■ **Material to process**
□ □ □
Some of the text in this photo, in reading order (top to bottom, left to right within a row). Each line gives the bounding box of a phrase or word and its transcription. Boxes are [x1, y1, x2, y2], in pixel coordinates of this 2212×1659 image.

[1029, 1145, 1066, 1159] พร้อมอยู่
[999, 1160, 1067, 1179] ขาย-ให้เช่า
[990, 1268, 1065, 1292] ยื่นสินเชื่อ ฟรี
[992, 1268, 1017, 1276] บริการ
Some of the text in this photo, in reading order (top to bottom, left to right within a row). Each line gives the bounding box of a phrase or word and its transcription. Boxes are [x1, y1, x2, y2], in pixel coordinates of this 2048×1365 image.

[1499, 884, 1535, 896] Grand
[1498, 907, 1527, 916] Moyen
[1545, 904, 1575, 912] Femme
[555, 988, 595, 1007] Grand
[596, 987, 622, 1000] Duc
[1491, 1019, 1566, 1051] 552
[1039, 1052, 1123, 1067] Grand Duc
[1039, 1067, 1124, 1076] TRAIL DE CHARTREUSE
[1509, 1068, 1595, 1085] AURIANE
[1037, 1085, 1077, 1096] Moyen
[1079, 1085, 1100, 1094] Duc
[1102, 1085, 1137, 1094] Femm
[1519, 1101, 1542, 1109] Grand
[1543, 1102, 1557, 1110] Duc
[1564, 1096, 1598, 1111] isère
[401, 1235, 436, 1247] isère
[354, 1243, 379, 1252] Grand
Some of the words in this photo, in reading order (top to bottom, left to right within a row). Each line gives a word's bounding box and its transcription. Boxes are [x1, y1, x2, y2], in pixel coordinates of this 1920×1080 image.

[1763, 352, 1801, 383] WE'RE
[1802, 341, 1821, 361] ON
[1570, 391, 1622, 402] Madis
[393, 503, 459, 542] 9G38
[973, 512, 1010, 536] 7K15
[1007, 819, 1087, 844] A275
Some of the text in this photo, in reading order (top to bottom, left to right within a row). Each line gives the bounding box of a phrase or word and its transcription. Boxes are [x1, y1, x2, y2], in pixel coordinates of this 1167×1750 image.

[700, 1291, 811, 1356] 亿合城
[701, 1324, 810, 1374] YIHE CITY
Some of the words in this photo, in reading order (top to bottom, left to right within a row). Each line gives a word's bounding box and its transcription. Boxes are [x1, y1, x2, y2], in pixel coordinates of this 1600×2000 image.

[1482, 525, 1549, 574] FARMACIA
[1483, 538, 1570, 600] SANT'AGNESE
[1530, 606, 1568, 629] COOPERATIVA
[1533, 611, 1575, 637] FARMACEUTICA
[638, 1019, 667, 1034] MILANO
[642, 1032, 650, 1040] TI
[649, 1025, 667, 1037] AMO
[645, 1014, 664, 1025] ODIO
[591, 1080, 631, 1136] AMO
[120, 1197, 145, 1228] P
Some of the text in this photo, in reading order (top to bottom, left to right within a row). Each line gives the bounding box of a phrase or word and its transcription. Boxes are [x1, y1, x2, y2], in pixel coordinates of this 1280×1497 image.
□ □ □
■ **What the exercise asks**
Copy out the records shown above, every one, exactly.

■ **Answer section**
Some of the text in this photo, in reading order (top to bottom, left to right within a row). Each line gives the bounding box of a phrase or word and its transcription. Boxes are [x1, y1, x2, y2], in pixel coordinates of this 2212×1659 image.

[1029, 1145, 1066, 1159] พร้อมอยู่
[999, 1160, 1067, 1179] ขาย-ให้เช่า
[990, 1268, 1065, 1292] ยื่นสินเชื่อ ฟรี
[992, 1268, 1017, 1276] บริการ
Some of the text in this photo, in reading order (top to bottom, left to right within a row). Each line gives the bounding box of a phrase or word and its transcription. Boxes are [x1, y1, x2, y2], in pixel coordinates of this 2048×1365 image.

[1499, 884, 1535, 896] Grand
[1498, 907, 1527, 916] Moyen
[1545, 904, 1575, 912] Femme
[555, 988, 595, 1007] Grand
[596, 987, 622, 1000] Duc
[1491, 1019, 1566, 1051] 552
[1039, 1052, 1123, 1067] Grand Duc
[1039, 1067, 1124, 1076] TRAIL DE CHARTREUSE
[1509, 1068, 1595, 1085] AURIANE
[1037, 1085, 1077, 1096] Moyen
[1079, 1085, 1100, 1094] Duc
[1102, 1085, 1137, 1094] Femm
[1519, 1101, 1542, 1109] Grand
[1543, 1102, 1557, 1110] Duc
[1564, 1096, 1598, 1111] isère
[401, 1235, 436, 1247] isère
[354, 1243, 379, 1252] Grand
Some of the words in this photo, in reading order (top to bottom, left to right within a row). Each line gives a word's bounding box and its transcription. Boxes are [x1, y1, x2, y2], in pixel coordinates of this 1920×1080 image.

[1763, 352, 1801, 383] WE'RE
[1802, 341, 1821, 361] ON
[1570, 391, 1622, 402] Madis
[393, 503, 459, 542] 9G38
[973, 512, 1010, 536] 7K15
[1007, 819, 1087, 844] A275
Some of the text in this photo, in reading order (top to bottom, left to right within a row). Each line gives the bounding box of a phrase or word and its transcription. Boxes are [x1, y1, x2, y2], in pixel coordinates of this 1167×1750 image.

[700, 1291, 811, 1356] 亿合城
[701, 1324, 810, 1374] YIHE CITY
Some of the words in this photo, in reading order (top to bottom, left to right within a row). Each line gives a word's bounding box and its transcription. Boxes are [x1, y1, x2, y2], in pixel coordinates of this 1600×2000 image.

[1482, 525, 1549, 574] FARMACIA
[1483, 538, 1570, 600] SANT'AGNESE
[1530, 606, 1568, 629] COOPERATIVA
[1533, 611, 1575, 637] FARMACEUTICA
[638, 1019, 667, 1034] MILANO
[642, 1032, 650, 1040] TI
[649, 1025, 667, 1037] AMO
[645, 1014, 664, 1025] ODIO
[591, 1080, 631, 1136] AMO
[120, 1197, 145, 1228] P
Some of the text in this photo, in reading order (top to bottom, left to right within a row). Each line gives the bounding box of a phrase or word and its transcription. Boxes are [x1, y1, x2, y2], in pixel coordinates of this 1280×1497 image.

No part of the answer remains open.